* Description of the task: Transcribe the records in full, keeping every word exactly as given.

= = =

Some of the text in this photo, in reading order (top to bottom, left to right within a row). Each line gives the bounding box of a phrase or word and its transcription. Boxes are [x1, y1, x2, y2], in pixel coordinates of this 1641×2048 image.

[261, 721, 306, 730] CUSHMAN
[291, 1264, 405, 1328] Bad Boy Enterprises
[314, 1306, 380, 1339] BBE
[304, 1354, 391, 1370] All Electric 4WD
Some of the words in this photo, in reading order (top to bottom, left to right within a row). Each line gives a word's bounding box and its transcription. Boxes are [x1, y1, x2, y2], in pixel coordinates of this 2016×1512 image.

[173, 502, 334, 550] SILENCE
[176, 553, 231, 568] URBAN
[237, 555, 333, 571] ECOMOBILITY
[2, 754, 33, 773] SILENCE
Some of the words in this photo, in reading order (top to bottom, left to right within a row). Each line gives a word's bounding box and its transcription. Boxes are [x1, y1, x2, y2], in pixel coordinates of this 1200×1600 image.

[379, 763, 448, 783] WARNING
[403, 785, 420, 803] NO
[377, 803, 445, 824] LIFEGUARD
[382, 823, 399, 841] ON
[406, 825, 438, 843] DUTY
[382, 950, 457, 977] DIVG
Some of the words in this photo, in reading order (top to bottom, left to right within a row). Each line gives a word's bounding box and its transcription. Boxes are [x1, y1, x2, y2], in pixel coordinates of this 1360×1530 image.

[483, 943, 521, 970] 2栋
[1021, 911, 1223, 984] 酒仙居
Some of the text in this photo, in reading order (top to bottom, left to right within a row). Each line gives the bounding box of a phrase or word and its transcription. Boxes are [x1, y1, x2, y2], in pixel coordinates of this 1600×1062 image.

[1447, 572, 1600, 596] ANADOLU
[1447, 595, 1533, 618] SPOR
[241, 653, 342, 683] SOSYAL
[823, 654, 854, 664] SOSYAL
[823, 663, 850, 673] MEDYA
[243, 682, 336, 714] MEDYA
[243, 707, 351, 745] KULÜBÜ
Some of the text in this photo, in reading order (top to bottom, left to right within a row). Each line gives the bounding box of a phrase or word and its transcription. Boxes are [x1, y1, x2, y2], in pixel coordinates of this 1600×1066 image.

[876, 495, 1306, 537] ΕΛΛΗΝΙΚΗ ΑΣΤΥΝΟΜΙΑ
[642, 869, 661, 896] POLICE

= = =

* Output below:
Some of the text in this photo, in reading order (top to bottom, left to right within a row). Each line gives the bounding box of a phrase or word and its transcription. Boxes are [x1, y1, x2, y2], in pixel coordinates of this 1641×2048 image.

[261, 721, 306, 730] CUSHMAN
[291, 1264, 405, 1328] Bad Boy Enterprises
[314, 1306, 380, 1339] BBE
[304, 1354, 391, 1370] All Electric 4WD
Some of the words in this photo, in reading order (top to bottom, left to right within a row). Each line gives a word's bounding box and its transcription. Boxes are [x1, y1, x2, y2], in pixel coordinates of this 2016×1512 image.

[173, 502, 334, 550] SILENCE
[176, 553, 231, 568] URBAN
[237, 555, 333, 571] ECOMOBILITY
[2, 754, 33, 773] SILENCE
Some of the words in this photo, in reading order (top to bottom, left to right within a row). Each line gives a word's bounding box and its transcription. Boxes are [x1, y1, x2, y2], in pixel coordinates of this 1200×1600 image.

[379, 763, 448, 783] WARNING
[403, 785, 420, 803] NO
[377, 803, 445, 824] LIFEGUARD
[382, 823, 399, 841] ON
[406, 825, 438, 843] DUTY
[382, 950, 457, 977] DIVG
Some of the words in this photo, in reading order (top to bottom, left to right within a row). Each line gives a word's bounding box and its transcription. Boxes are [x1, y1, x2, y2], in pixel coordinates of this 1360×1530 image.

[483, 943, 521, 970] 2栋
[1021, 911, 1223, 984] 酒仙居
Some of the text in this photo, in reading order (top to bottom, left to right within a row). Each line gives the bounding box of a phrase or word and its transcription. Boxes are [x1, y1, x2, y2], in pixel coordinates of this 1600×1062 image.

[1447, 572, 1600, 596] ANADOLU
[1447, 595, 1533, 618] SPOR
[241, 653, 342, 683] SOSYAL
[823, 654, 854, 664] SOSYAL
[823, 663, 850, 673] MEDYA
[243, 682, 336, 714] MEDYA
[243, 707, 351, 745] KULÜBÜ
Some of the text in this photo, in reading order (top to bottom, left to right within a row). Each line gives the bounding box of a phrase or word and its transcription. Boxes are [x1, y1, x2, y2], in pixel coordinates of this 1600×1066 image.

[876, 495, 1306, 537] ΕΛΛΗΝΙΚΗ ΑΣΤΥΝΟΜΙΑ
[642, 869, 661, 896] POLICE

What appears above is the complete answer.